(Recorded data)
────────────────────
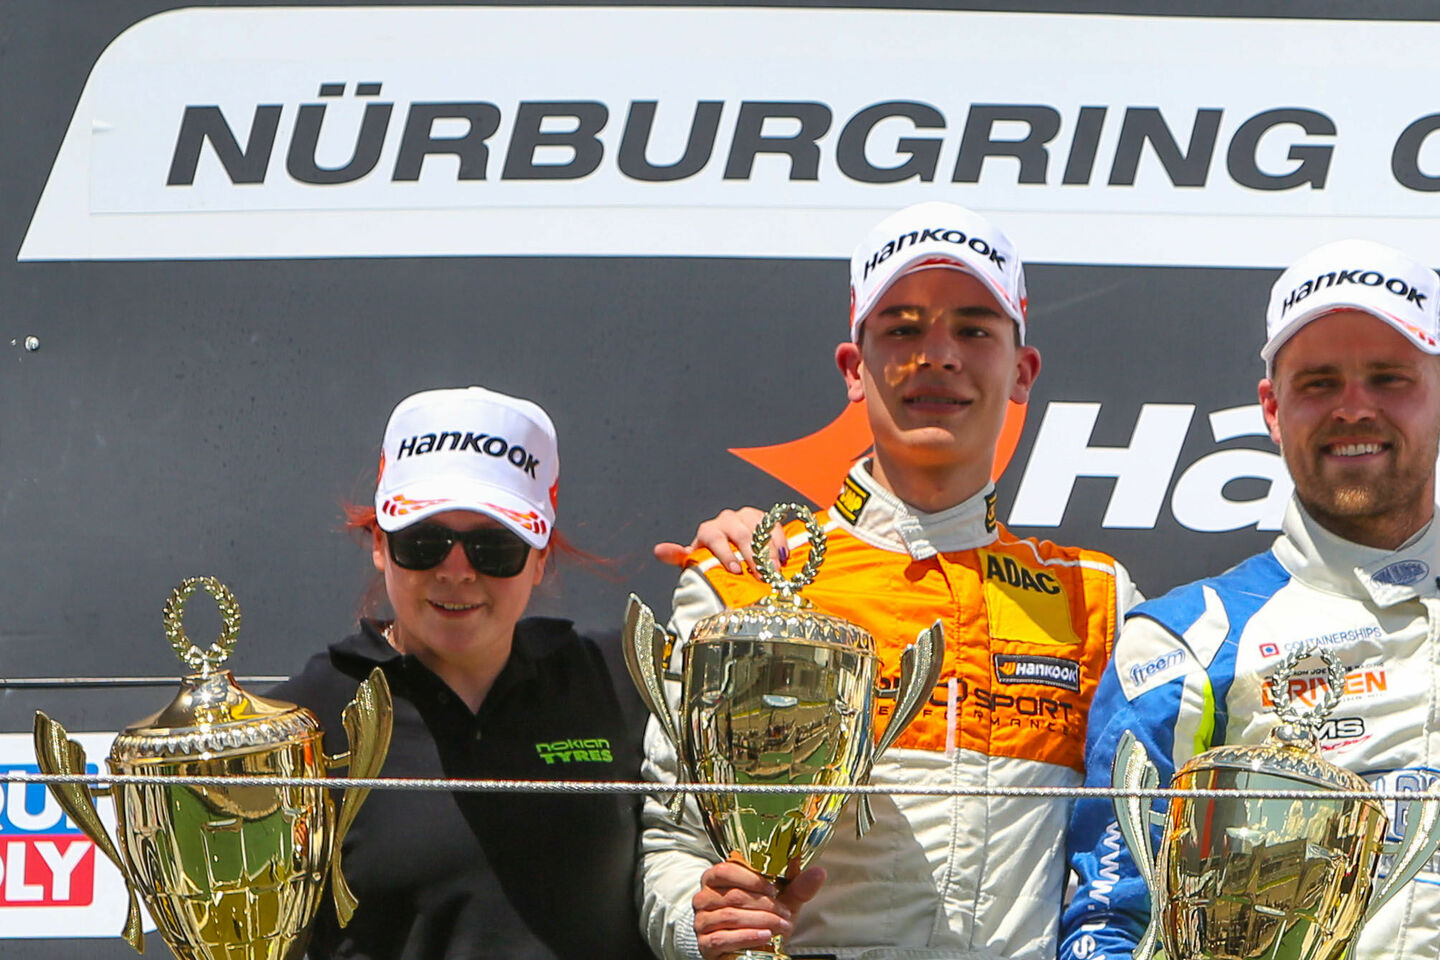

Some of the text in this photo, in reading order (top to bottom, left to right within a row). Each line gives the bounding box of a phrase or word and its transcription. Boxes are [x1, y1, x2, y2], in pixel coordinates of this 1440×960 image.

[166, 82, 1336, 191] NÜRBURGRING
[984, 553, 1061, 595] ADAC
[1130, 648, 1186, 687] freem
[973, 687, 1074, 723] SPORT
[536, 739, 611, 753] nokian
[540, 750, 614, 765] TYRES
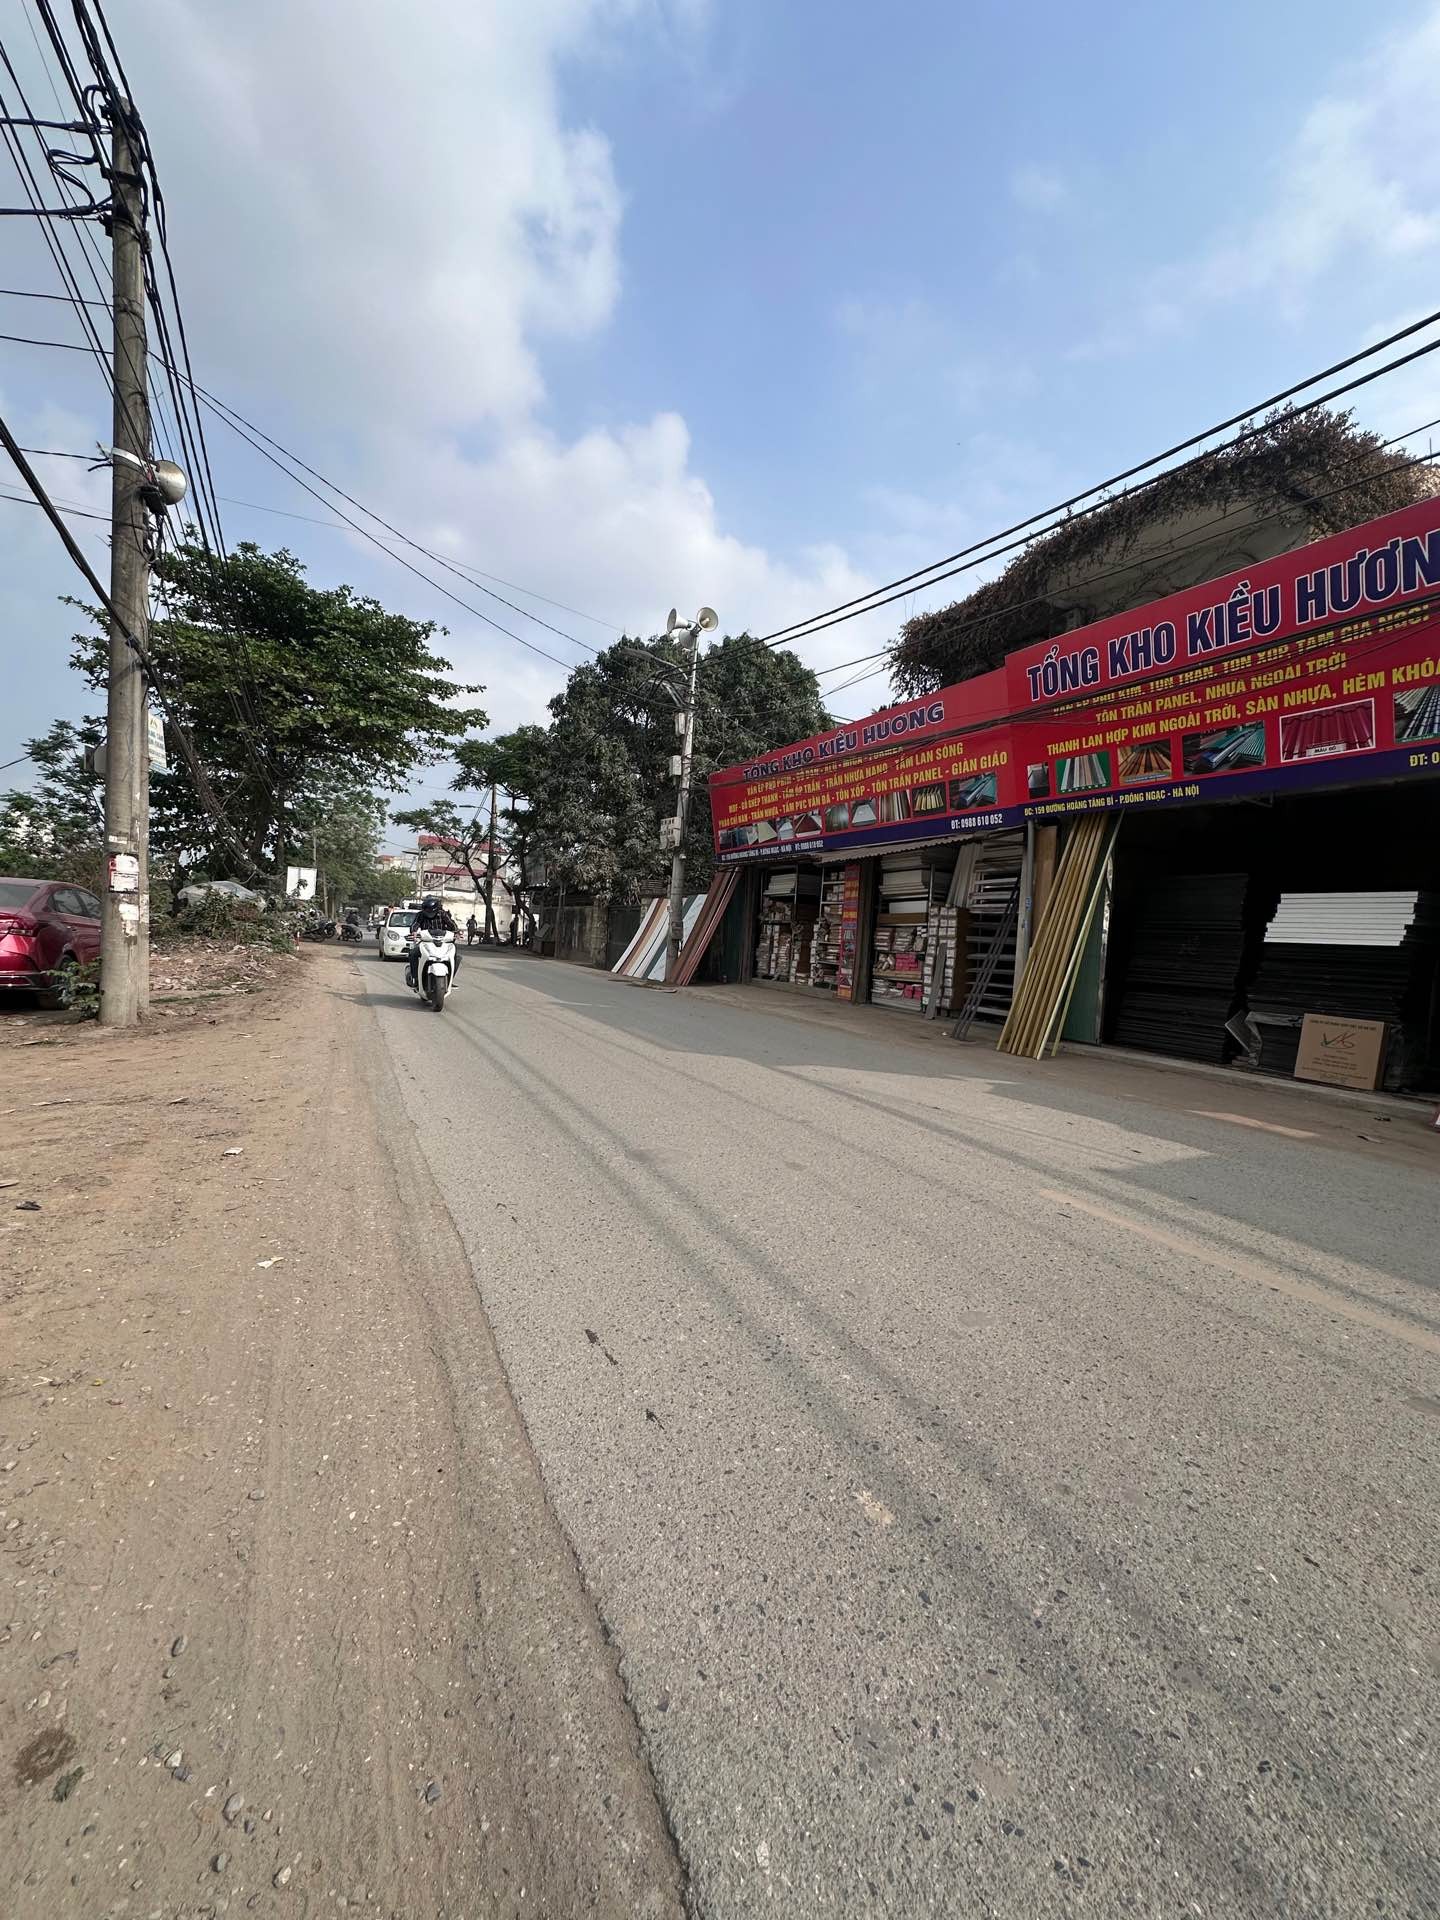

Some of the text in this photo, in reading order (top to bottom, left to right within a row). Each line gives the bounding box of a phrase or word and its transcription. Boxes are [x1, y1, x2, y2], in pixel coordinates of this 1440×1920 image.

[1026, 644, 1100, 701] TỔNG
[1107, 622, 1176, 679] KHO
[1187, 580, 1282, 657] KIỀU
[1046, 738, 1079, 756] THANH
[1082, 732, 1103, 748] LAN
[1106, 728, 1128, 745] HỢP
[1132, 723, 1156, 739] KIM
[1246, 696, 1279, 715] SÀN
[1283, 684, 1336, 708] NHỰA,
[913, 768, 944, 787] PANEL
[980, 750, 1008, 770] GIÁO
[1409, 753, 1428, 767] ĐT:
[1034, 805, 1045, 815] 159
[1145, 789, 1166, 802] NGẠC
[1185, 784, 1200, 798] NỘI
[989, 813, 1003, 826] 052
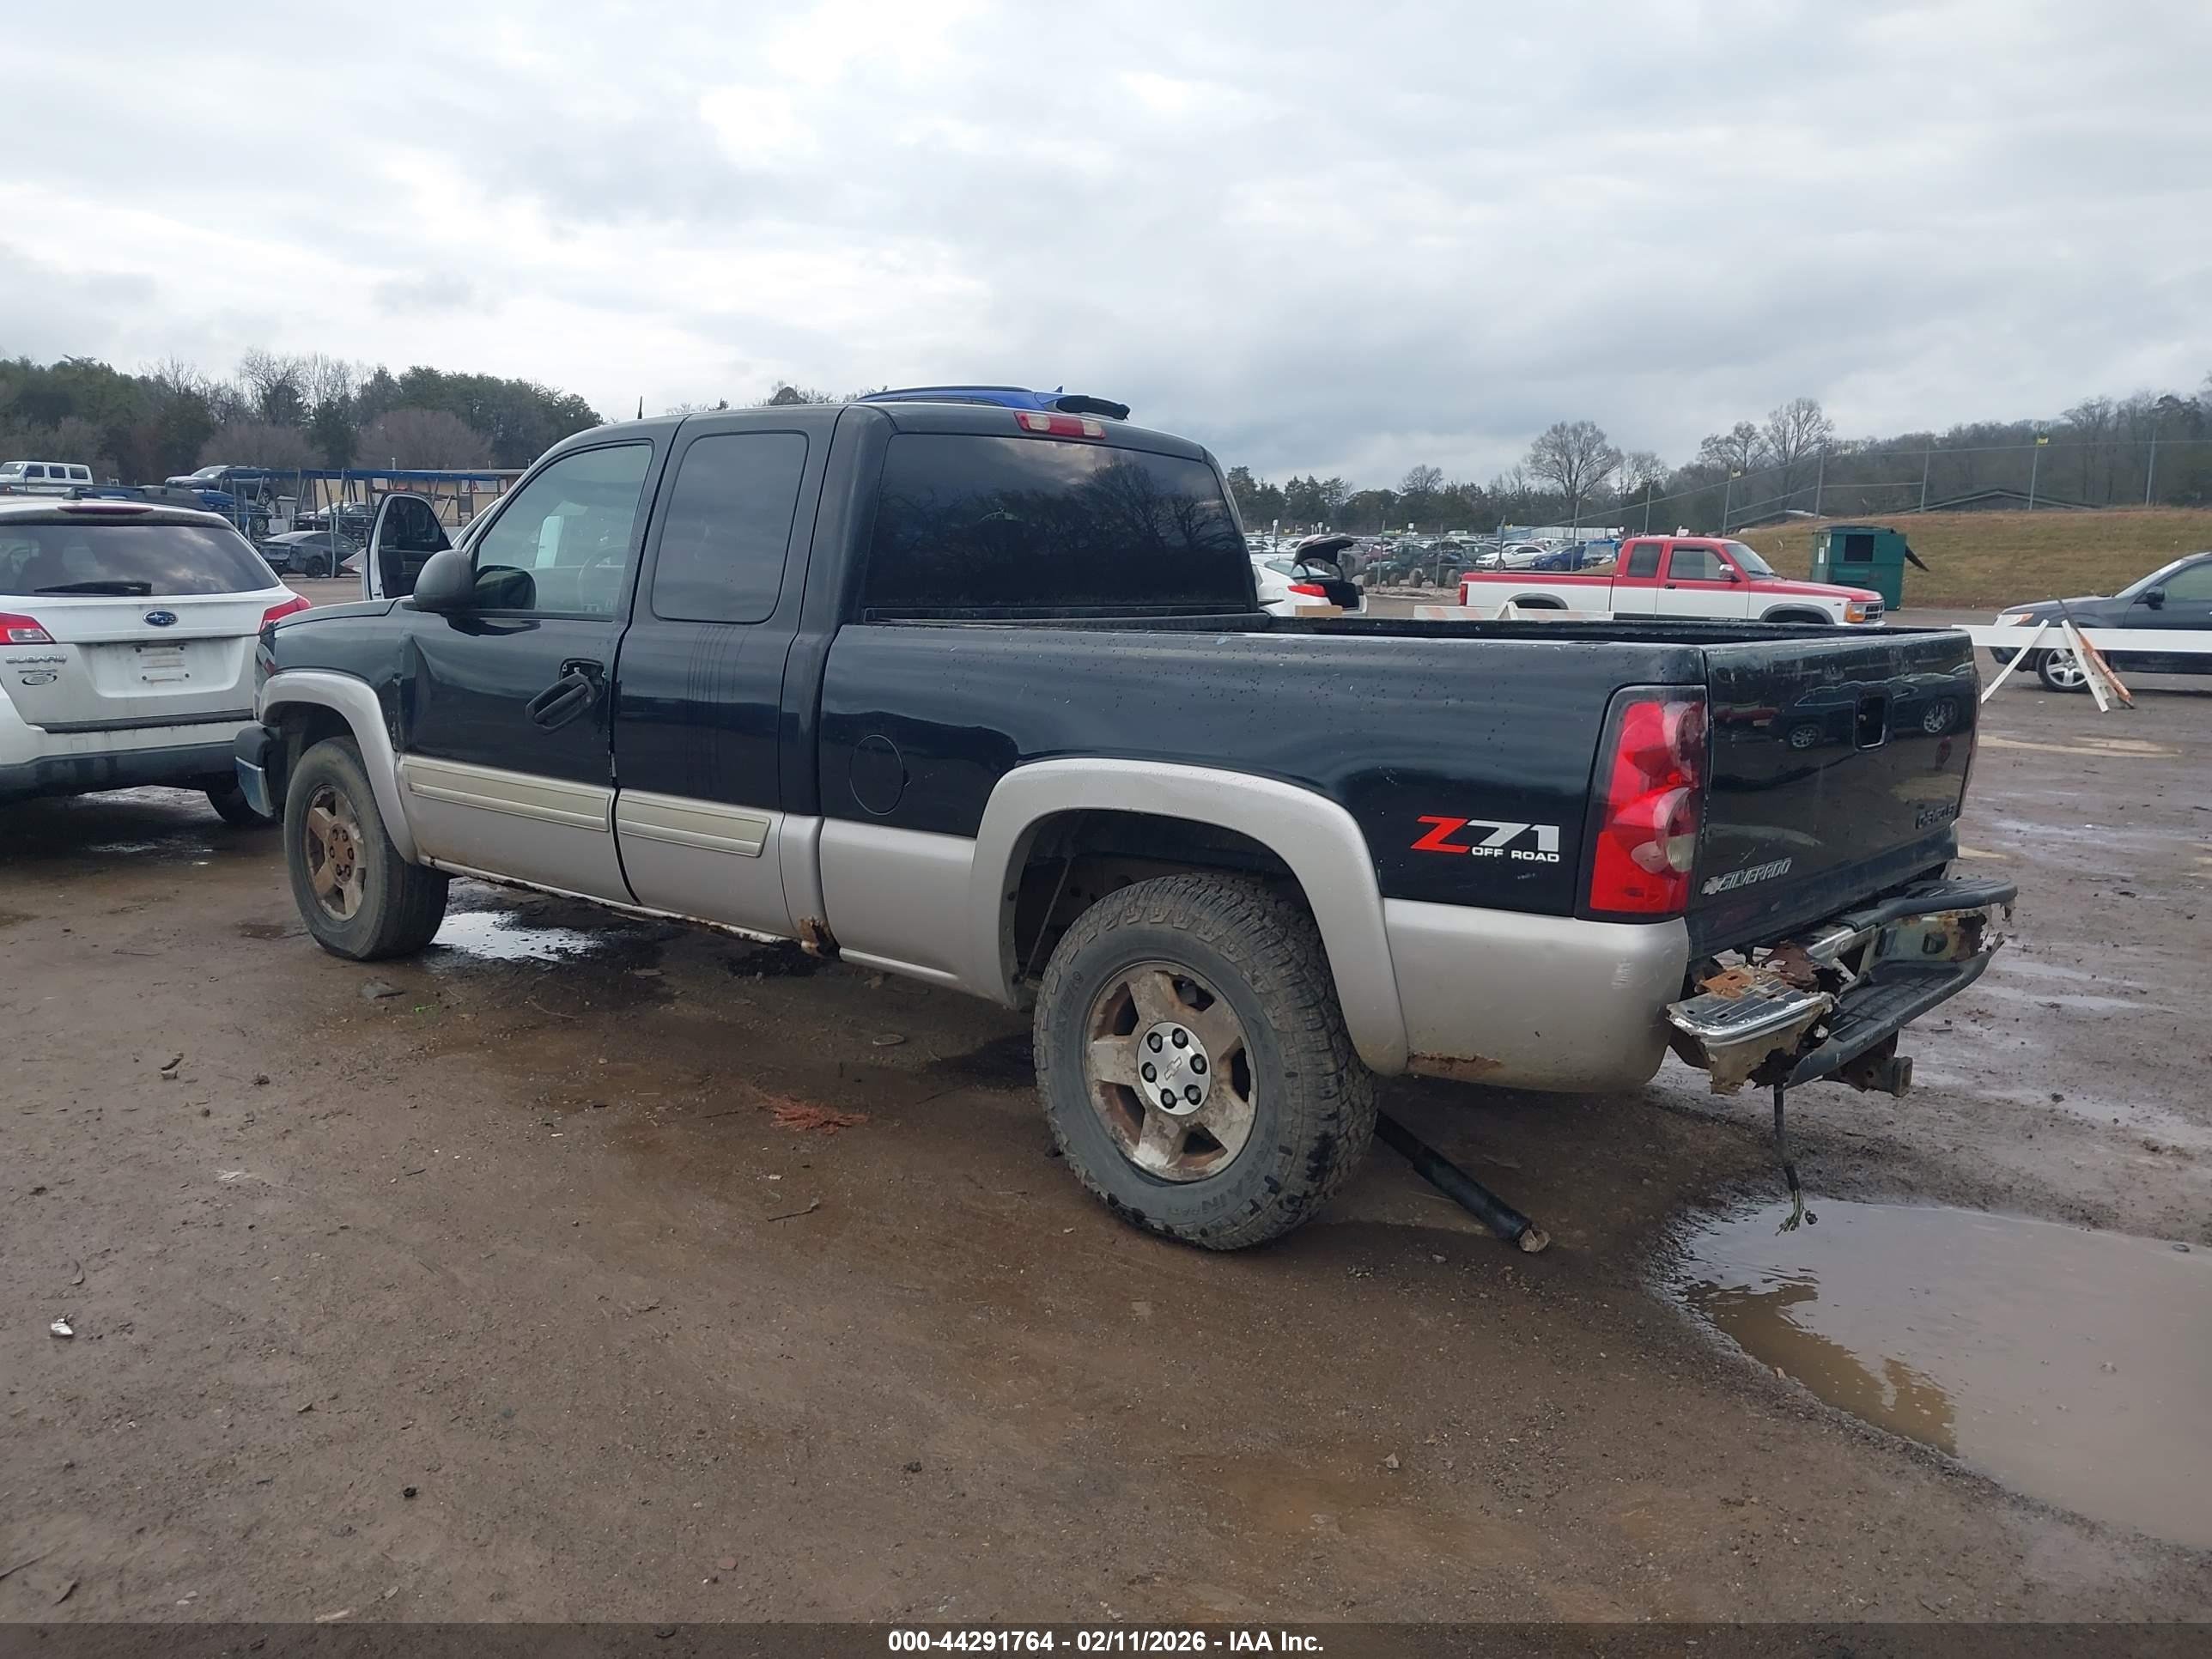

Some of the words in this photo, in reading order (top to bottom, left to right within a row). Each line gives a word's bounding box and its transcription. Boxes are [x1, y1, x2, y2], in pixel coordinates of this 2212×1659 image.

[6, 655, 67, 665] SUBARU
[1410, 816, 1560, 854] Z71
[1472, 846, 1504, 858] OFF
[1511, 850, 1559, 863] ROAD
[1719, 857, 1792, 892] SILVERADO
────────────────────
> _TASK_: Give every entry back unchanged, with no pictures.

> _RESPONSE TO THIS EXERCISE_:
Some of the text in this photo, in reading order (top to bottom, left to right within a row). Each line gives the bounding box of a phrase or word and its transcription. Boxes are [x1, y1, x2, y2], in pixel coordinates of this 1440×960 image.

[166, 82, 1336, 191] NÜRBURGRING
[984, 553, 1061, 595] ADAC
[1130, 648, 1186, 687] freem
[973, 687, 1074, 723] SPORT
[536, 739, 611, 753] nokian
[540, 750, 614, 765] TYRES

Some of the text in this photo, in reading order (top to bottom, left to right within a row). Each line gives the bounding box of a phrase or word and its transcription. Boxes are [x1, y1, x2, y2], in pixel coordinates of this 1440×1920 image.

[1026, 644, 1100, 701] TỔNG
[1107, 622, 1176, 679] KHO
[1187, 580, 1282, 657] KIỀU
[1046, 738, 1079, 756] THANH
[1082, 732, 1103, 748] LAN
[1106, 728, 1128, 745] HỢP
[1132, 723, 1156, 739] KIM
[1246, 696, 1279, 715] SÀN
[1283, 684, 1336, 708] NHỰA,
[913, 768, 944, 787] PANEL
[980, 750, 1008, 770] GIÁO
[1409, 753, 1428, 767] ĐT:
[1034, 805, 1045, 815] 159
[1145, 789, 1166, 802] NGẠC
[1185, 784, 1200, 798] NỘI
[989, 813, 1003, 826] 052

Some of the words in this photo, in reading order (top to bottom, left to right within a row). Each line gives a word's bounding box and its transcription. Boxes are [x1, y1, x2, y2], in pixel coordinates of this 2212×1659 image.

[6, 655, 67, 665] SUBARU
[1410, 816, 1560, 854] Z71
[1472, 846, 1504, 858] OFF
[1511, 850, 1559, 863] ROAD
[1719, 857, 1792, 892] SILVERADO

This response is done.